Endless cloak: Because ammo and metal refills cloak, and for balance reasons there is always a good amount of metal on maps, knowing where it all is allows the efficient Spy the ability to remain invisible indefinitely and still remain on the move. Even on the largest maps, getting to the BLU/RED spawns is a cakewalk, so long as you know where all the metal is.

Fake it Till You Make It: The mobility of the IW lets Spies continually fake out their enemies. If it isn’t the disappearing around corners, it’s appearing in front of Pyros or Demomen  for just a couple seconds and disappearing. The IW is as much a tool of morale destruction as it is a way to sneak behind someone. If you toy with your foes with the DR, they get angry. If you play with them with the C&D, they will be confused and annoyed. If you are successful with the IW, they won’t know where to look for you, and the anger and confusion takes a third partner: constant paranoia.

Regardless of which watch watch you use, always remember that you play how you play. If you are successful, who is to say which way is best?*


*WiNGSPANTT reserves the right to make life decisions for you.

11 replies to this post
  1. I switch between the IW and the DR every few monthes.

    Honestly, the IW is probably the best choice, though after you main on a server for a while people start to get really paranoid when you join and you have to resort for the old second life instead.

    Remember – the DR is most effective as a safety net and it’s pretty weak when it comes to actual stealth. (It’s also very helpful to decloak right before you step on an ammo pack with it, so you can recharge faster).

  2. I prefer the DR and friendly disguises.
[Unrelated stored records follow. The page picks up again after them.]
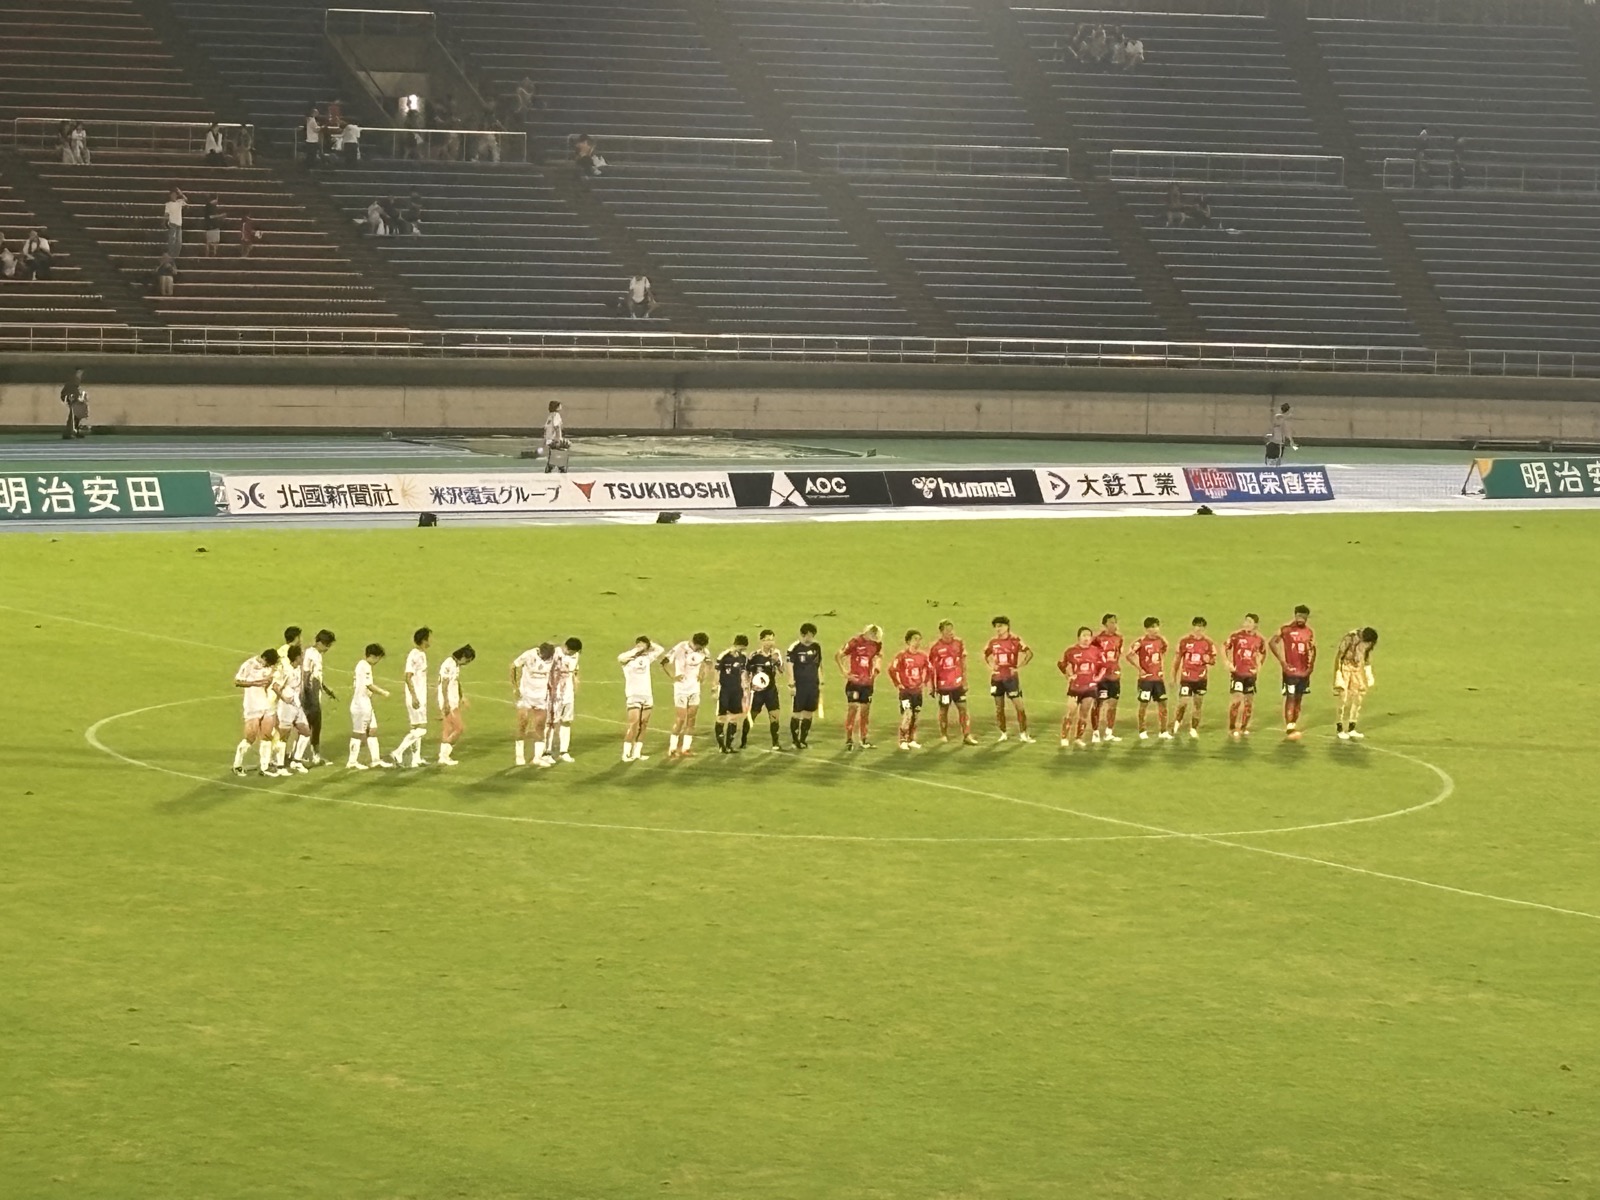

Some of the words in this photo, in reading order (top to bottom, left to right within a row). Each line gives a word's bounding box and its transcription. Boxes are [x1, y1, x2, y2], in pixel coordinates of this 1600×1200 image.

[603, 481, 730, 500] TSUKIBOSHI
[805, 477, 847, 494] AOC
[937, 477, 1016, 497] hummel
[1077, 472, 1180, 497] 大鉄工業
[1235, 471, 1328, 494] 昭栄産業
[0, 476, 165, 514] 明治安田
[276, 483, 400, 509] 北國新聞社
I also love it when the server is all talk and I hear the paranoia. Good Stuff. It is possible to play aggressive with the C&D but you have to truly exploit friend disguises and enemy Disguises as well, and only cloak when the enemy can see you. Just consider all the times you’ve moved around the enemy without cloak and play the CD that way. Use darkness, and the “map flair” to your advantage. Great article.

  3. *pokes Wing*

    (You know what I mean.)

    Some very good points were made here and I can’t honestly say I disagree with any of them. Right down to “Dying for real leaves the enemy looking for you anyway.” I think the Kunai will work in the DR’s favor once people get used to it, as easy deaths can be attributed to its low base HP.

  4. Personally, I find the best watches are the IW and DR, finding myeself switching between them often (I love the Dead ringer with the Saharan Spy set, Silent uncloak really is nice there..)
    However, I almost always use the C&D for the badlands map, reasons being their isn’t an awful lot of ammo and it’s probably the easiest map to ninja cap with (For extra luls, cap while disguised as a friendly engineer. Seriously)
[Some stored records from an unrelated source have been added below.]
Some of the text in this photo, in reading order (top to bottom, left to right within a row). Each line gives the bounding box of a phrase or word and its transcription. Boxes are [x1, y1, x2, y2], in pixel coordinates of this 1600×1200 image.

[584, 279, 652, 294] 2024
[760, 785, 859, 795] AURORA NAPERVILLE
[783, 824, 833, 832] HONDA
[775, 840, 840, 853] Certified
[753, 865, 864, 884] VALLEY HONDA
  5. Personally, My two favourite watches are the IW and DR, Dead ringer especially when using the Saharan Spy set (Silent uncloak with no other downsides with the dead ringer? Why, thank you VERY much!)
    However, I always use C&D on Badlands, for some reason I find that their isn’t an awful lot of ammo for the IW on it, and C&D works wonders for a ninja cap on the last point. (For extra lulz, add in friendly engie disguise.)

  6. Awesome post. Nodded in agreement throughout the whole read.

    As a dedicated user, I should say you nailed the DR, in particular. People tend to have very black and white opinions on the feller; it’s either an “easymode noob watch” or “The Watch.” Iit’s refreshing to see criticisms of lame point-inflated usage (ammo to cart looping trial-and-error spies) alongside acknowledgement of the fact that it can be used to greater effect with finesse. On an entirely unrelated note, flattered by the vid link :}

    Very fair assessment of the much-maligned C&D, too.

  7. Look at that! Stabby Stabby (the post above this one) is a very famous spy and one of the best if not the best competitive spy in TF2!
    Anyways, great article I very much agree with basically everything said. My favorite sets are Saharan spy set and the revolver kunai IW set.